This article represents the opinions, thoughts, and experiences of the author; none of this content has been paid for by any advertiser. The MultipleSclerosis.net team does not recommend or endorse any products or treatments discussed herein. Learn more about how we maintain editorial integrity here.

Comments

  • Bblue
    2 years ago

    Bravo! I have been very lucky/blessed with my MS (about 20 years now).I can compare my MS to the chronic migraines I had for over 20 years, that got worse year by year. A blood pressure med (given to me for HBP) has helped more than any treatment I was given in all that time. Unfortunately, about the time I started that drug I also started feeling “on a boat” all the time. Have had every test in the book and my neurologist still only says it “Might” be MS. Every other doctor thinks it’s neurological. MS is extremely frustrating and it’s bad enough that people w/o MS don’t understand but it’s really low when people who have it don’t realize that all of us could have our lives change in a flash! Good health is a blessing! It is not something we do for ourselves! No one wants to be debilitated— whether from MS or something like chronic migraine and all the other diseases out there! I have often felt worse because of the stress brought on by other people trying to tell me what to do to control my MS or migraines. What works for one person is not guaranteed to work for someone else! Think about what you say and remember it could be you!

  • Debbie Gu3
    2 years ago

    Okay, I admit I’m one of those people whose mantra is “I have MS, it doesn’t have me” but do you understand why? Let me explain, please remember, this only applies to me. This purely has to do with attitude, when I start to let it think it’s got the upper hand; I literally have to fight back. I always stay positive, never get depressed; I was told at work I was admired for the way I fight my disease; I had no idea people thought that way about me. We’re talking one person who took it to heart, fought hard, but lost in the end to the pain cancer can ultimately cause.

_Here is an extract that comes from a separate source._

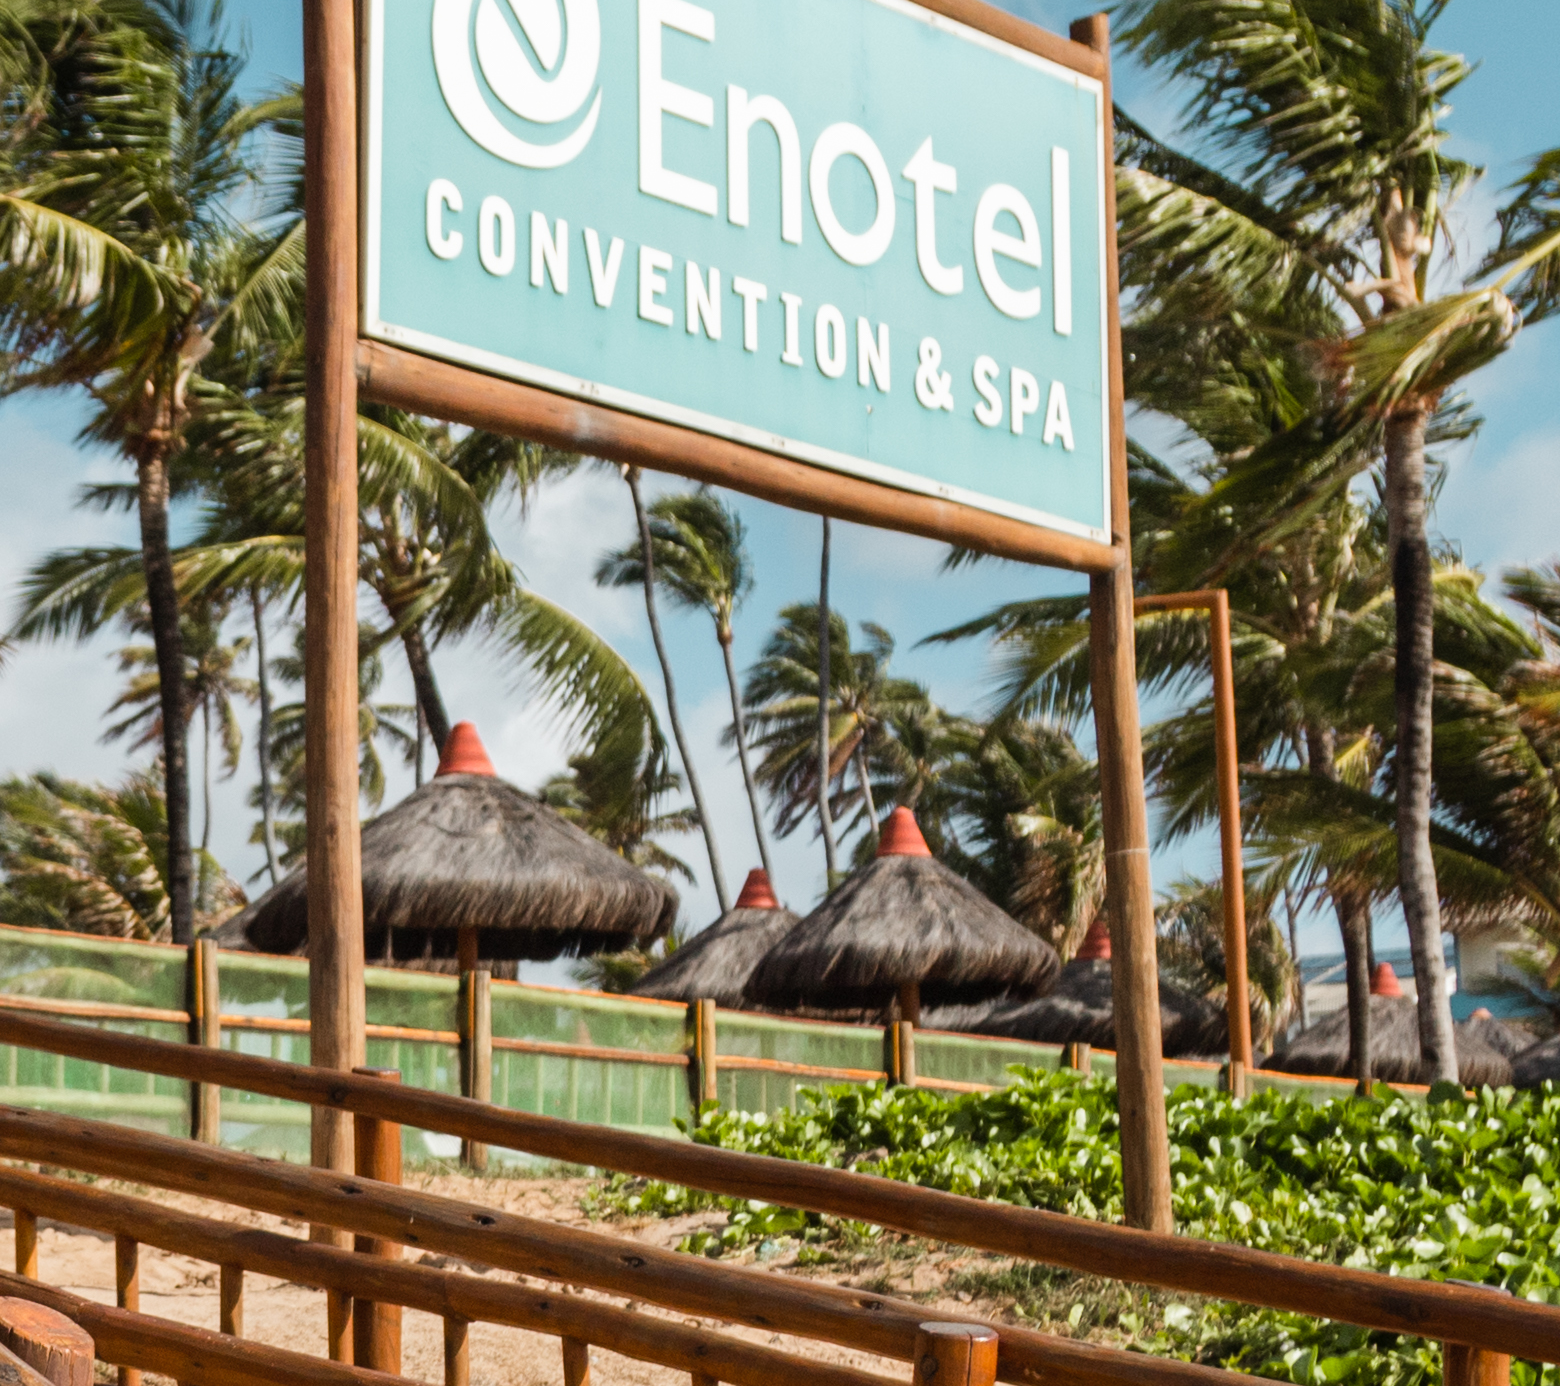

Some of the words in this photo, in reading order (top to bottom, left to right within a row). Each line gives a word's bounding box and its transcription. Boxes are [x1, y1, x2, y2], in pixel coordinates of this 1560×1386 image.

[425, 177, 892, 393] CONVENTION
[914, 335, 955, 412] &
[972, 354, 1076, 452] SPA

    I’ve had a really hard journey with MS so far; I’m with my 4th neurologist; diagnosed RRMS one month shy of 50th birthday back in 2010. It was a spot on CT scan for something else that inadvertently revealed first lesion; physical exam by neurologist resulted in no diagnosis; didn’t have any symptoms. First symptoms showed up October 2009 as stroke like that totally went away. But transverse Mylitis hit before diagnosis in April 2010, rediagnosed relapse before diagnosis;13 Ocg bands in CSF fluid; very few lesions, but just in right spots to cause most physical damage. Had relapses every April and October like clockwork for a few years. Went through 3 other MS treatments before finally finding Aubagio and my current MS remission.

    I’ve gone from walking on two feet, to using cane, to using walker with portable c-pap machine to get enough air in. Then back to where I am now on my two feet; I do continue to have trouble with one or both feet not knowing where they are; which is reason used cane to have connection to ground and know where I was.

    I could go on with all my physical problems that are still disabling, but you get the idea. Life’s not been kind, so, thank goodness I have a positive attitude. Otherwise, if I let MS win, I would have been in a wheelchair a long time ago. Attitude has everything to do with it, you do better if you don’t feel sorry for yourself. I’m sticking to my mantra “I have MS, it doesn’t have me.”

  • Watermelon
    2 years ago

    I love the Positive Attitude part. I believe that is what keeps me going. When I am able to look at the BIG picture, I see that I am blessed. I have my struggles, I am not a victim. I am able to live my life with a smile. Life is about choices and lessons we receive from those choices. For a long time i was not willing to let anybody know my struggles. Today I am not afraid to tell people my truths.

  • DVORA
    2 years ago

    DEVIN — I AM BRAND NEW HERE AND HAVE ALREADY CONFUSED MYSELF —
    MOST OF MY PROBLEMS HERE WILL BE DUE TO COGNITIVE CHALLENGES WHICH ARE A COMBINATION OF MS – LACK OF BALNCE CAUSING MANY FALLS AND MUCH BRAIN ISSUES AND UNFIXABLE BROKEN BODY ISSUES —

    HERE IT WOULD BE IMPORTANT TO USE CAPS AND I KNOW THAT IS DISTRESSING ON THE INTERNET — MY VISION IS NOT FIXABLE — IF THIS IS A PROBLEM PLEASE LET ME KNOW AND I WILL CONTINUE TO READ BUT WILL NOT TYPE — AND WILL NOT BE OFFENDED —

    I HAVE THANK G-D LIVED OVER 70 YEARS AND DO NOT OFFEND EASILY — ALSO IF WORDS ARE GOING THROUGH MY CURRENT BRAIN THEY DO TEND TO COME OUT OF MY MOUTH AND FINGERS —

    ALSO — IF YOU ANSWER MY POST — HOW WILL I KNOW ?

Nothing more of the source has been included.